Distances Between Linear Objects in Three-Dimensional Space

# Distances Between Linear Objects in Three-Dimensional Space

We will now look at some ways to calculate distances between various linear objects in $\mathbb{R}^3$. Before we do though, we should note that by "distance" we mean the *shortest* distance between two objects

## The Distance Between a Point and a Plane

Theorem 1: Let $\Pi$ be the plane defined by the equation $Ax + By + Cz + D = 0$. Then the distance between the point $P(x_0, y_0, z_0)$ and $\Pi$ is given by the formula: $\mathrm{distance} = \frac{\mid Ax_0 + By_0 + Cz_0 + D \mid}{\sqrt{A^2 + B^2 + C^2} }$. |

**Proof:**Let $\Pi$ be the plane described above. Then $\vec{n} = (A, B, C)$ is a normal to $\Pi$. Let $P(x, y, z)$ be any point on the plane. Then the vector $\vec{PP_0} = (x_0 - x, y_0 - y, z_0 - z)$ is a vector from the point $P$ to $P_0$.

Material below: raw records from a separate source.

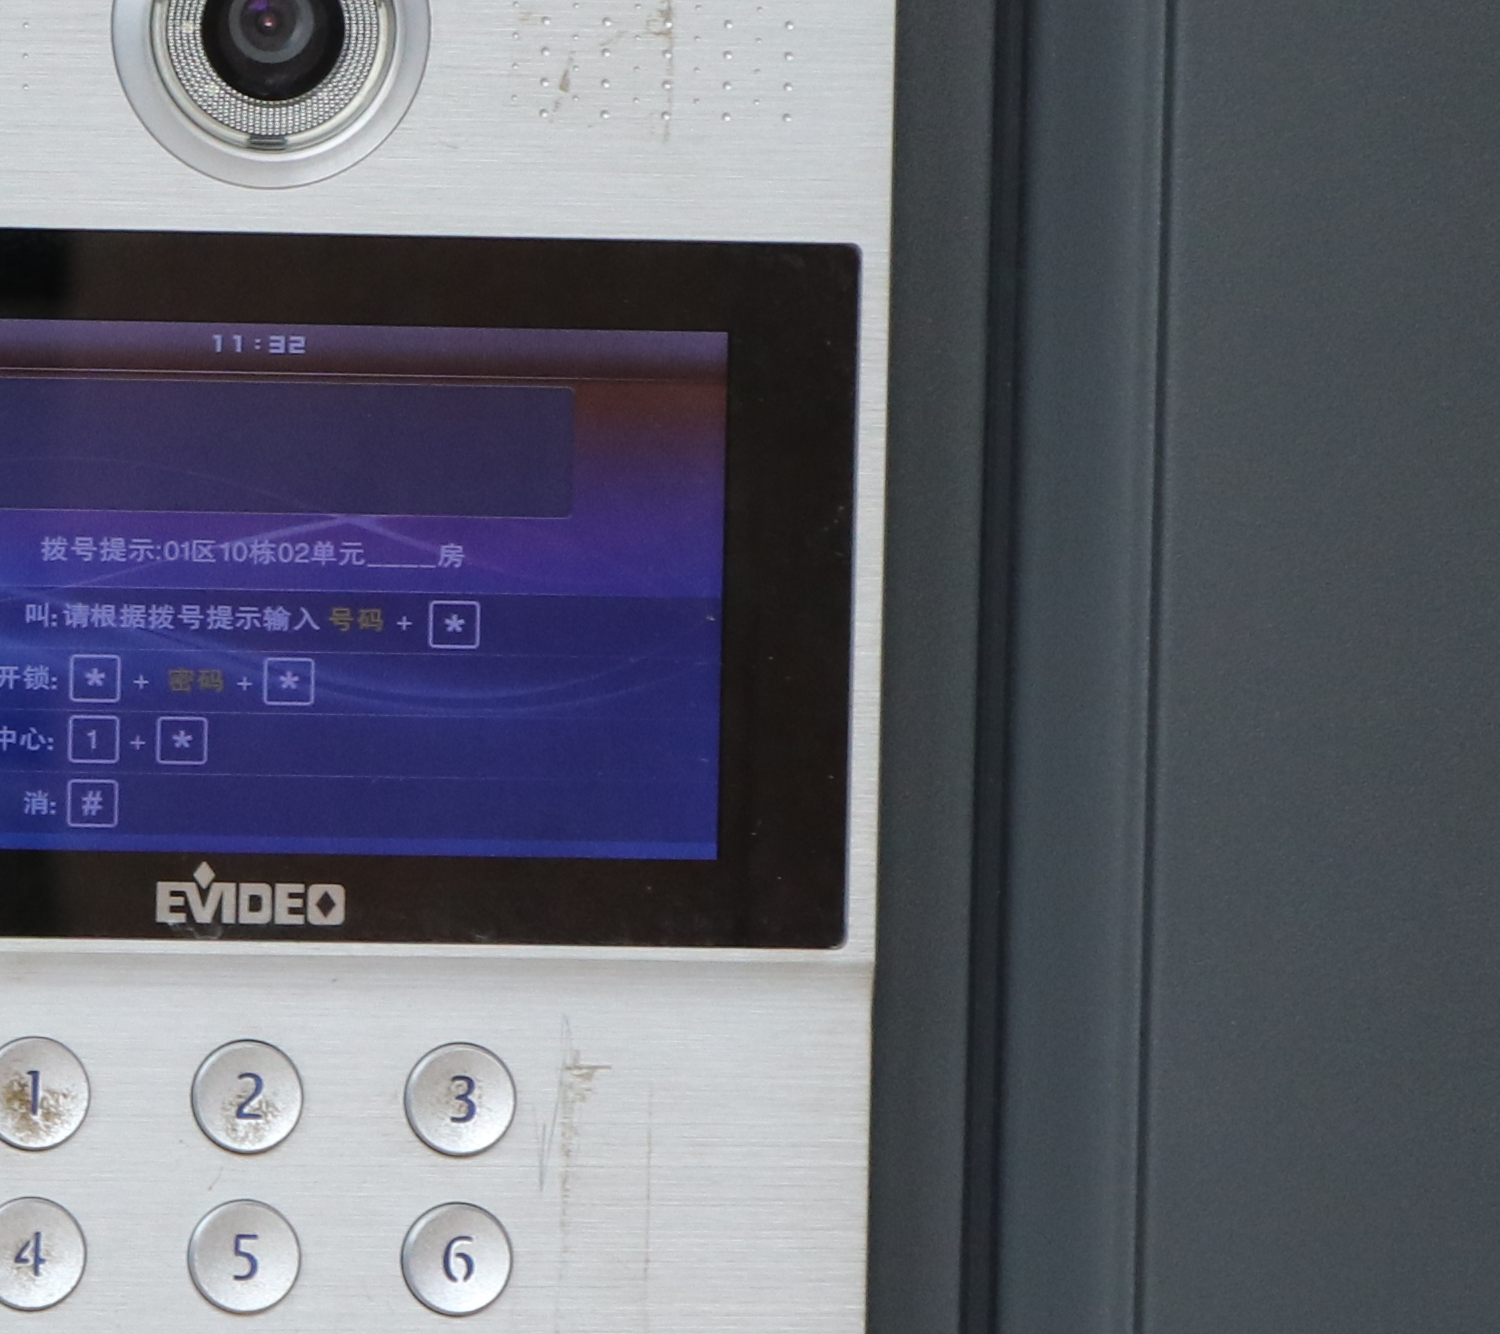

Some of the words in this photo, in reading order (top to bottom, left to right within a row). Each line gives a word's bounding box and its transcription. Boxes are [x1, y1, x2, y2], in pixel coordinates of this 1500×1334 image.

[212, 333, 306, 354] 11:32
[329, 607, 385, 633] 号码
[168, 668, 225, 694] 密码
[156, 879, 345, 926] EVIDEO
[25, 1069, 41, 1117] 1
[234, 1072, 265, 1120] 2
[449, 1075, 477, 1123] 3
[14, 1231, 46, 1277] 4
[232, 1233, 260, 1281] 5
[442, 1235, 475, 1283] 6
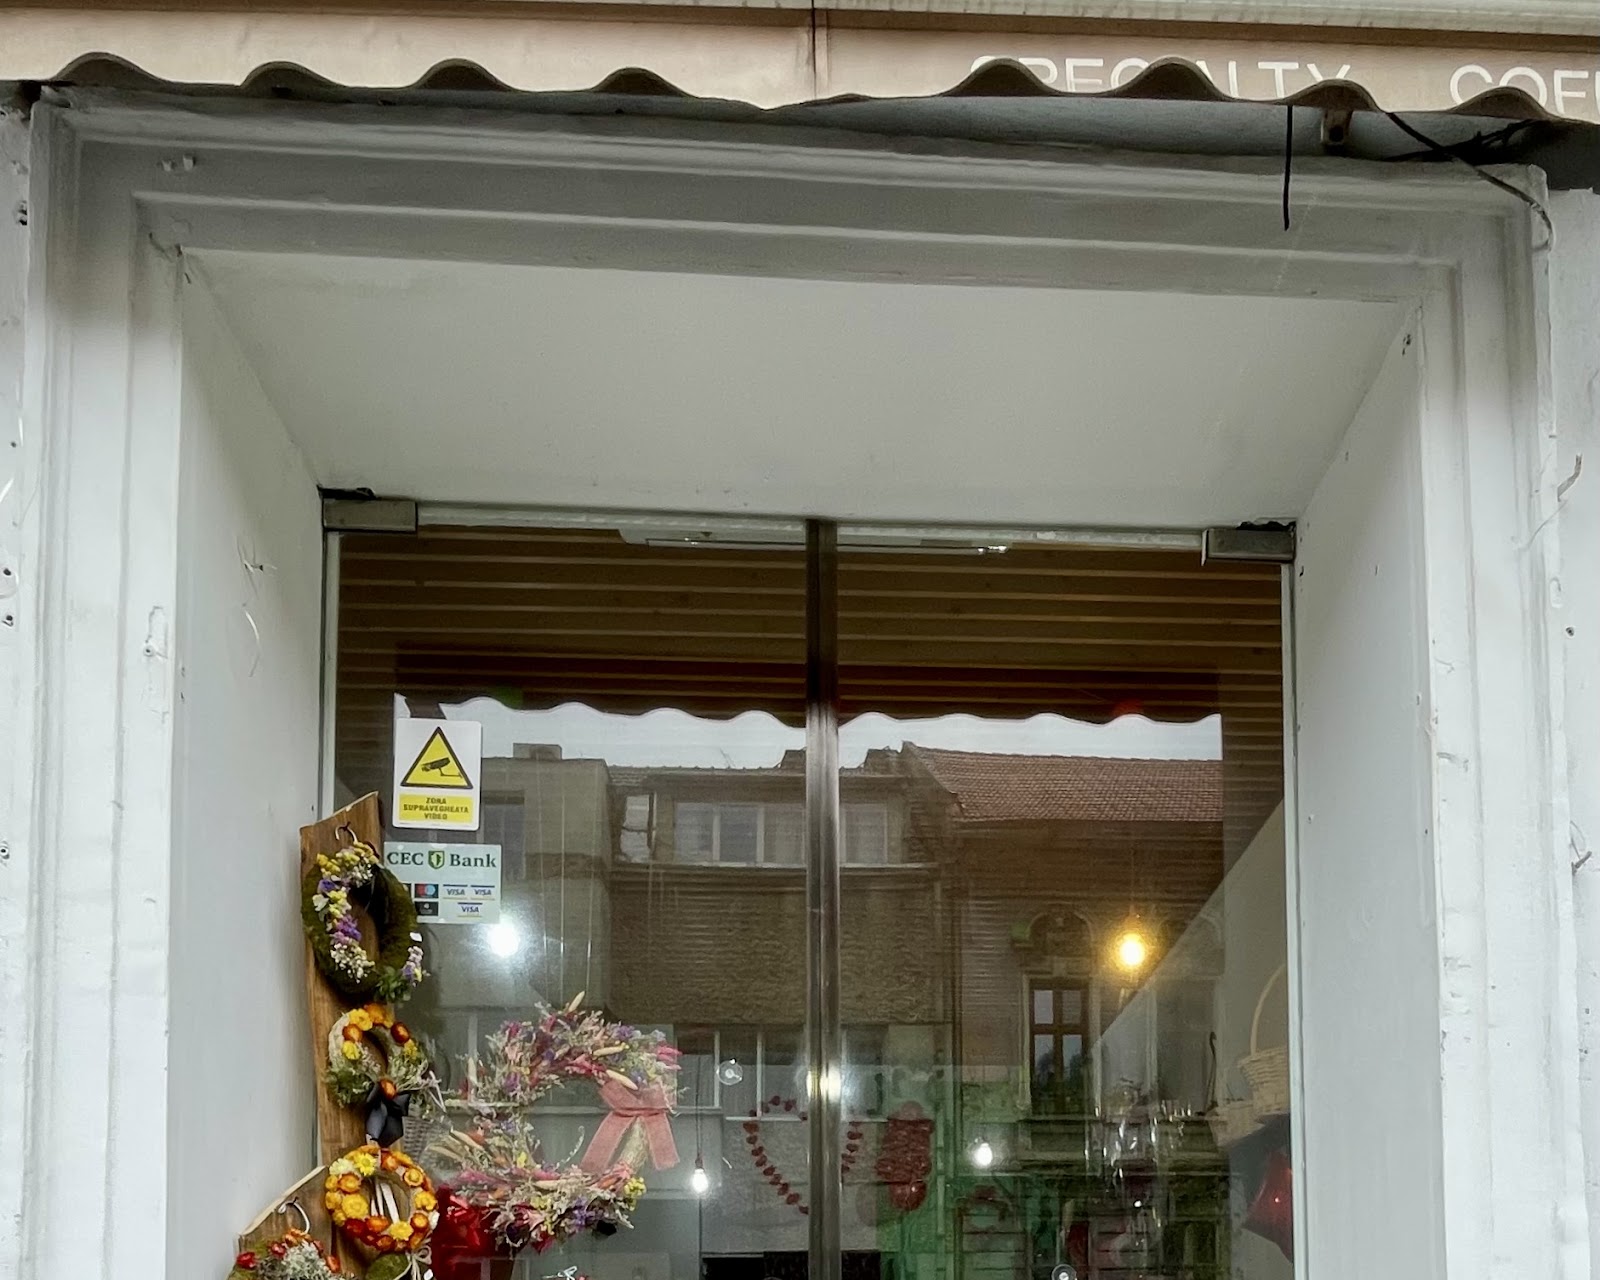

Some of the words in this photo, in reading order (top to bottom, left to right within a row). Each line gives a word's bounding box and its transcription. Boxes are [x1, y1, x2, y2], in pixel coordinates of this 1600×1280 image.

- We can see that the distance $D$ from $P_0$ to $\Pi$ is given as the scalar projection of the vector $\vec{PP_0}$ on $\vec{n}$ (or the length of the vector projection of $\vec{PP_0}$ onto $\vec{n}$), that is:

\begin{align} D = \mathrm{comp}_{\vec{n}} \vec{PP_0} \\ D = \frac{\mid \vec{n} \cdot \vec{PP_0} \mid}{\| \vec{n} \|} \\ D = \frac{\mid (A, B, C) \cdot (x_0 - x, y_0 - y, z_0 - z) \mid}{\sqrt{A^2 + B^2 + C^2}} \\ D = \frac{\mid A(x_0 - x) + B(y_0 - y) + C(z_0 - z) \mid}{\sqrt{A^2 + B^2 + C^2}} \\ D = \frac{\mid Ax_0 + By_0 + Cz_0 + D \mid}{\sqrt{A^2 + B^2 + C^2}} \quad \blacksquare \end{align}

### Example 1

**Calculate the distance between the plane $x + 2y + 3z + 4 = 0$ and the point $( 5, 1, 4)$.**

Using the formula from above, we get that:

(2)\begin{align} \quad \mathrm{distance} = \frac{\mid 1(5) + 2(1) + 3(4) + 4 \mid}{\sqrt{1^2 + 2^2 + 3^2}} = \frac{23}{\sqrt{14}} \end{align}

## The Distance Between Two Parallel Planes

Theorem 2: If $\Pi_1$ and $\Pi_2$ are two parallel planes, then the distance between $\Pi_1$ and $\Pi_2$ can be calculated by taking any point on either plane and calculating the distance from that point to the other plane. |

**Proof:**Let $P$ and $Q$ be two different points on $\Pi_1$, and let the distance from $P$ to $\Pi_2$ be $D_1$ and let the distance from $Q$ to $\Pi_2$ be $D_2$. Suppose that $D_1 \neq D_2$. Then this implies that $\Pi_1$ and $\Pi_2$ are not parallel which is a contradiction. Therefore $D_1 = D_2$. $\blacksquare$

### Example 2

**Calculate the distance between the planes $x + 2y + 3z + 4 = 0$ and $2x + 4y + 6z + 5 = 0$.**

We note that these two planes are parallel since their normals, $(1, 2, 3)$ and $(2, 4, 6)$ are scalar multiples of each other. Consider the point $(-1, 0, -1)$ on the first plane. Then from theorem 2, we have that the distance between these two planes are:

(3)\begin{align} \quad \mathrm{distance} = \frac{\mid 2(-1) + 4(0) + 6(-1) + 5 \mid}{\sqrt{2^2 + 4^2 + 6^2}} = \frac{ \mid -2 - 6 + 5 \mid}{\sqrt{56}} = \frac{3}{\sqrt{56}} \end{align}